Perché vale la pena battersi
 



Edo esce, Willer entra, e poi? - L'Italia è un Paese difficile da spiegare agli stranieri. Si sono svolte le elezioni regionali, "quindi" è caduto il Governo nazionale. Si sono rinnovati tutti i consigli regionali, "quindi" è cambiato il titolare del ministero dell'Ambiente. Raccontata così, ad un marziano a Roma, la cosa potrebbe apparire singolare.

Eppure tutto si tiene, e non è vero che non ci siano logiche profonde dietro il mutare degli assetti di potere. Noi di "Parchi" abbiamo espresso le nostre opinioni sull'operato del ministro Ronchi. Io personalmente ho avuto il compito di presiedere una delle riunioni (ad Ancona, a Parco produce 1999) nel corso delle quali ci siamo scambiati progetti, speranze e opinioni, a volte anche non coincidenti. A Ronchi va dato atto di avere operato intensamente nel settore che ci sta a cuore, rilanciandone il ruolo e le prospettive strategiche, e colmando parte dei ritardi che si erano accumulati.

Non si può - invece - dire che Edo Ronchi abbia condiviso le nostre impostazioni in ordine alla riforma dei ministeri in genere e di quello dell'Ambiente in ispecie, o che abbia favorito un disegno di regionalizzazione alta, non sgangherata né separatista, della politica di tutela e valorizzazione delle aree protette e delle riserve marine. Al contrario la gestione Ronchi ha coinciso con il massimo di centralismo e di statalismo, motivato dall'esigenza di radicare dal centro impostazioni ambientaliste.

In tempi di gestioni unitarie di mare e di costa predicate dalla Unione europea, il ministero di Ronchi ha fatto di tutto per separare i parchi costieri dalle riserve marine. In tempi di regionalismo e di federalismo, il ministero di Ronchi si è barricato nei parchi nazionali, accusando le Regioni di non essere in grado o di non avere la volontà politica di costruire un unico sistema nazionale di parchi. Contemporaneamente questa logica di "torre d'avorio" o di "forte

Alamo" non ha contribuito a fare della questione ambientale l'asse di tutte le politiche del Governo centrale, né l'asse delle politiche delle regioni.
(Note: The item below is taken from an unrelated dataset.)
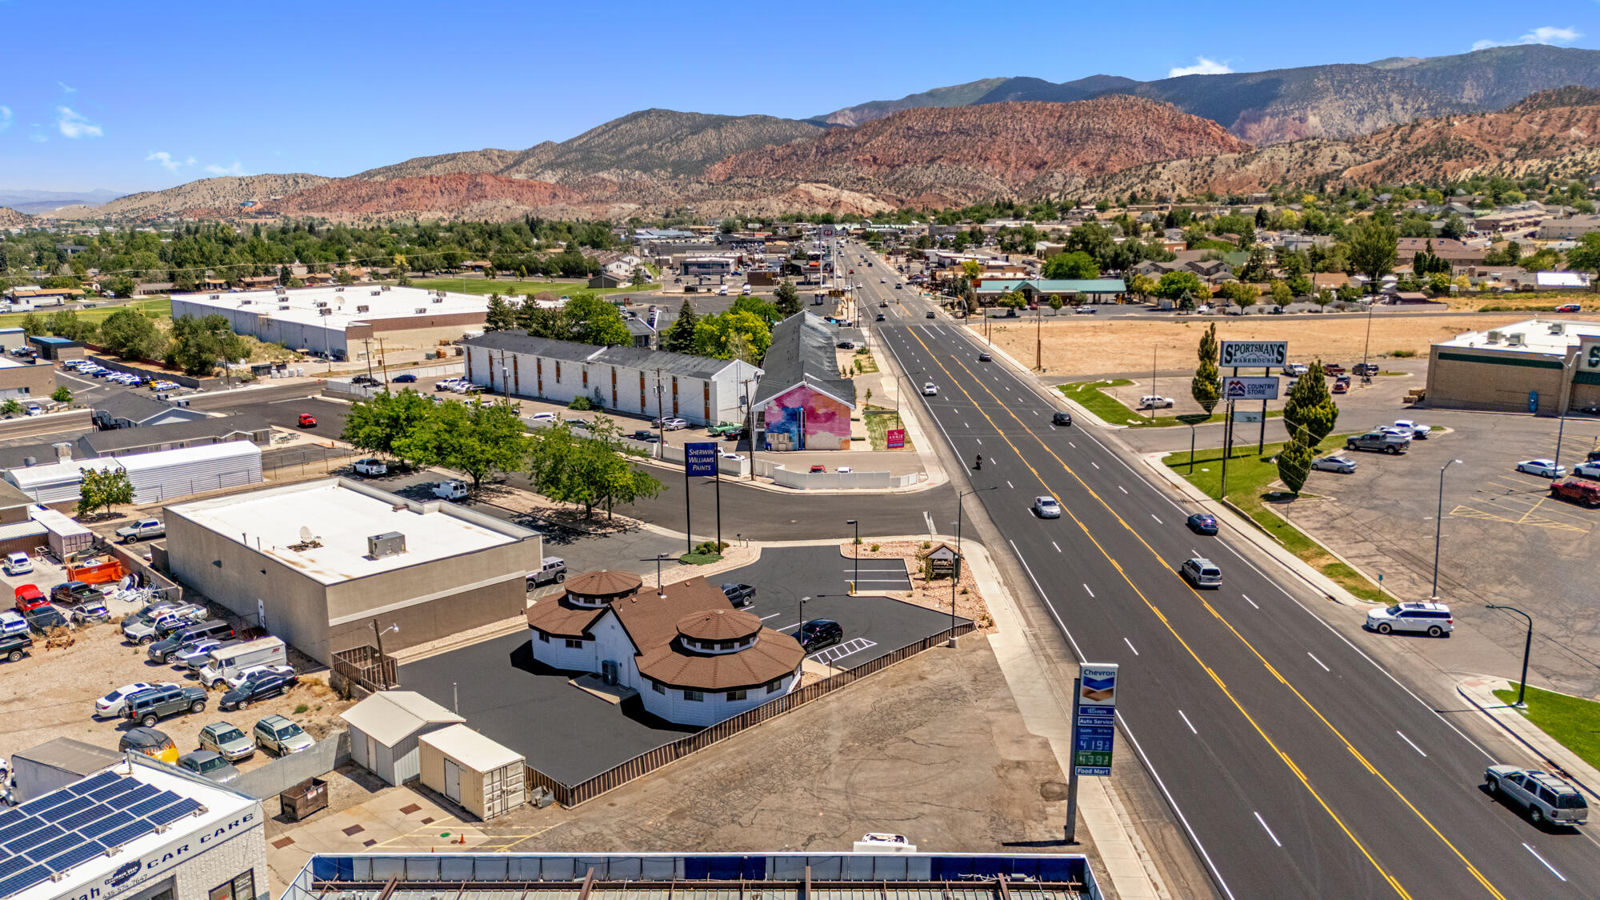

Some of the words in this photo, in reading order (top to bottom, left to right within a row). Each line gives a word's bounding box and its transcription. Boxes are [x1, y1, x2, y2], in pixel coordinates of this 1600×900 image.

Ciò nonostante Edo Ronchi è stato un buon ministro, sinceramente interessato all'affermazione di un nuovo sviluppo eco sostenibile. Pertanto lo ringraziamo per quanto ha fatto, e siamo in grado di comprendere le ragioni di quanto ci ha diviso da alcuni aspetti della sua azione, che ci permettiamo di ricordare per amore di verità, e soprattutto perché sono tuttora spalancati e bisognosi di essere affrontati e risolti.
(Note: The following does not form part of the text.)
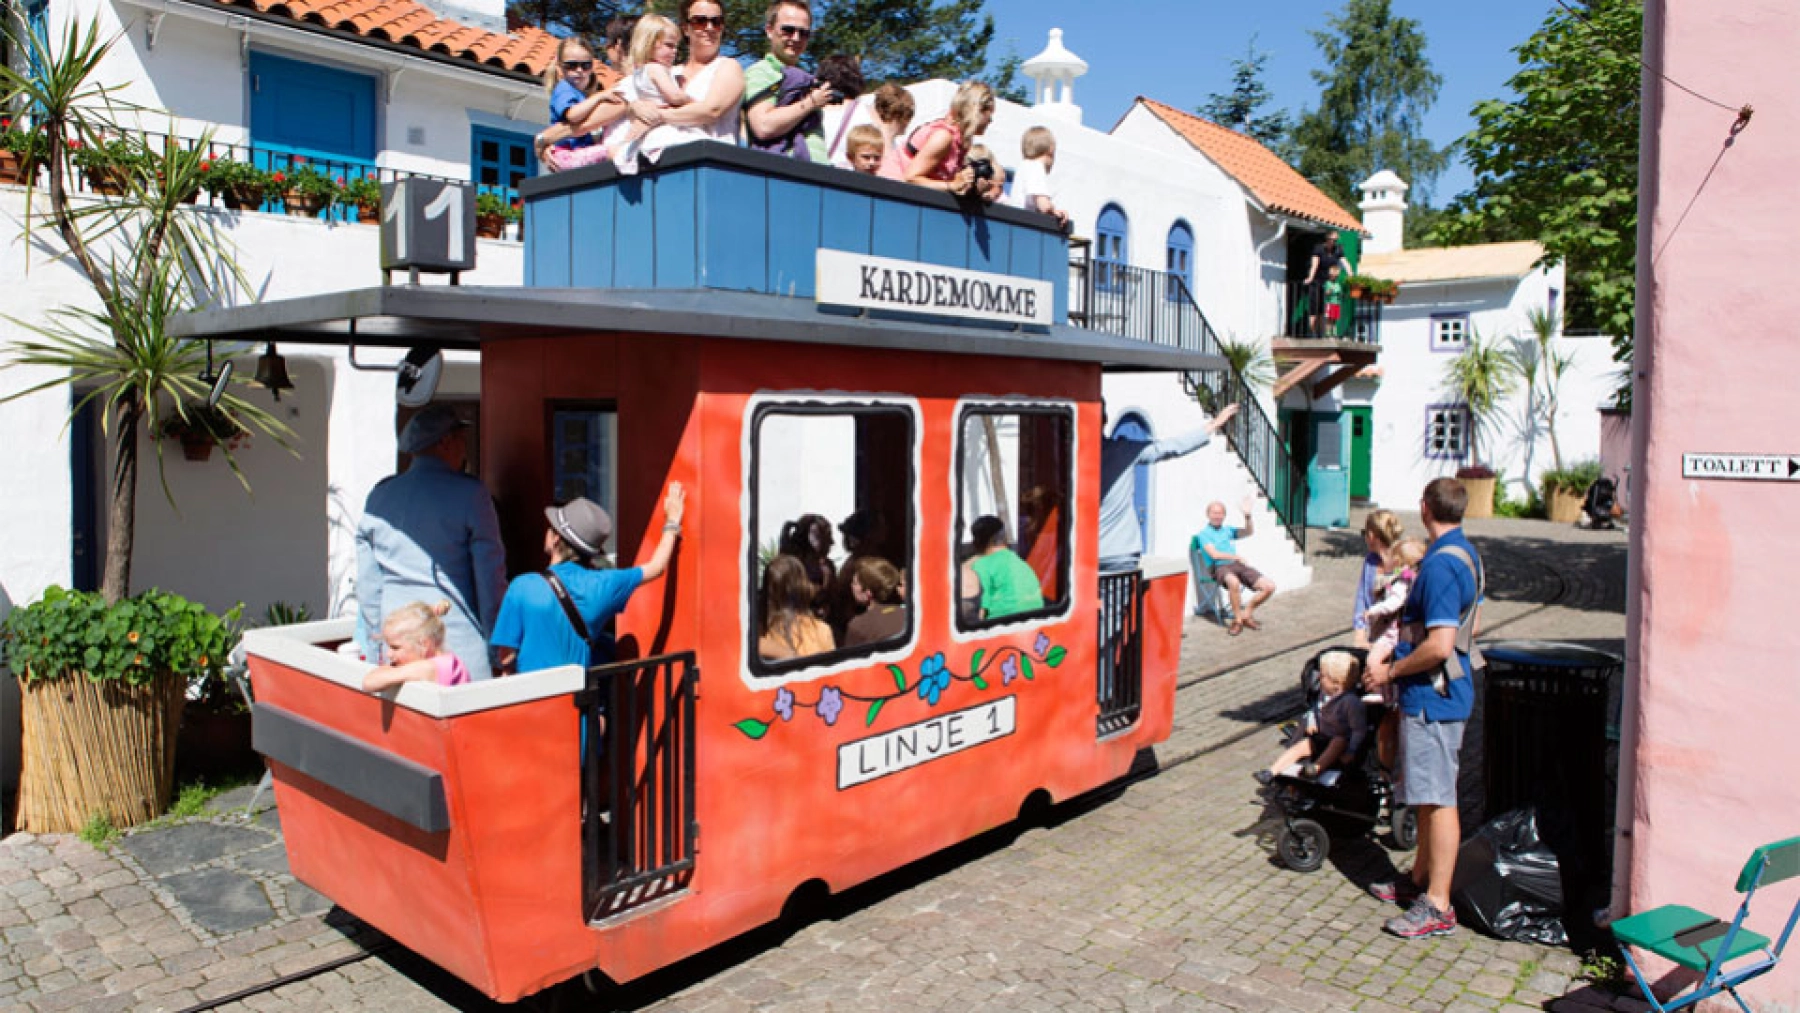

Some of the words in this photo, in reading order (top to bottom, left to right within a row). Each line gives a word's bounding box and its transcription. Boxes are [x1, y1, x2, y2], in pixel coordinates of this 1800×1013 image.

[859, 265, 1037, 318] KARDEMOMME
[1689, 458, 1781, 473] TOALETT
[859, 715, 964, 774] LINJE
[986, 706, 1000, 734] 1
Al successore Willer Bordon non chiediamo (come altri, invece, fanno) di essere la fotocopia di Ronchi. Oltretutto sarebbe davvero curioso che ciò fosse possibile! Sul tavolo del nuovo ministro arriveranno i problemi lasciati aperti dal suo predecessore. Il rapporto con la Federparchi, che sarebbe ora suonata di riconoscere anche formalmente come voce autorevole e rappresentativa dei parchi italiani. I ritardi nell'attuazione di remote decisioni del Parlamento (Carta della natura; Piano generale delle coste). La necessità di realizzare il sistema dei parchi nazionali, comprensivo dei parchi nazionali e di quelli regionali, ritrovando, ricostruendo o reinventando tavoli istituzionali e metodologie di redistribuzione dei fondi d'intesa con Regioni sempre meno disposte ad appiattirsi sugli orientamenti dello Stato centrale, e molte altre questioni, dettagliatamente e ripetutamente esposte in passato e facilmente rintracciabili nella collezione di questa rivista.
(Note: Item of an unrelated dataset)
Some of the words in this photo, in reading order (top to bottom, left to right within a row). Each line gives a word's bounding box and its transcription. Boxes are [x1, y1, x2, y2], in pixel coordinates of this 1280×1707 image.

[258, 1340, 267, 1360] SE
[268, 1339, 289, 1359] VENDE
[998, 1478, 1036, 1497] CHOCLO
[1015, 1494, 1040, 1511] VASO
Ovviamente il problema da risolvere non è "fare come Ronchi" oppure "fare diversamente da Ronchi". Il problema è il che fare in una situazione politica nazionale profondamente mutata, con Regioni rinnovate (ci piaccia o no il segno di quel rinnovamento), nell'urgenza di individuare un terreno comune di modernizzazione ambientalista capace di unire l'intero Paese, evitando lacerazioni insanabili e cedimenti incomprensibili.

Su queste problematiche attendiamo di vedere all'opera il nuovo ministro, che, fin da ora, deve sapere di poter contare sulla leale e fattiva collaborazione di tutti i parchi che rappresentiamo.
Auguri, signor Ministro.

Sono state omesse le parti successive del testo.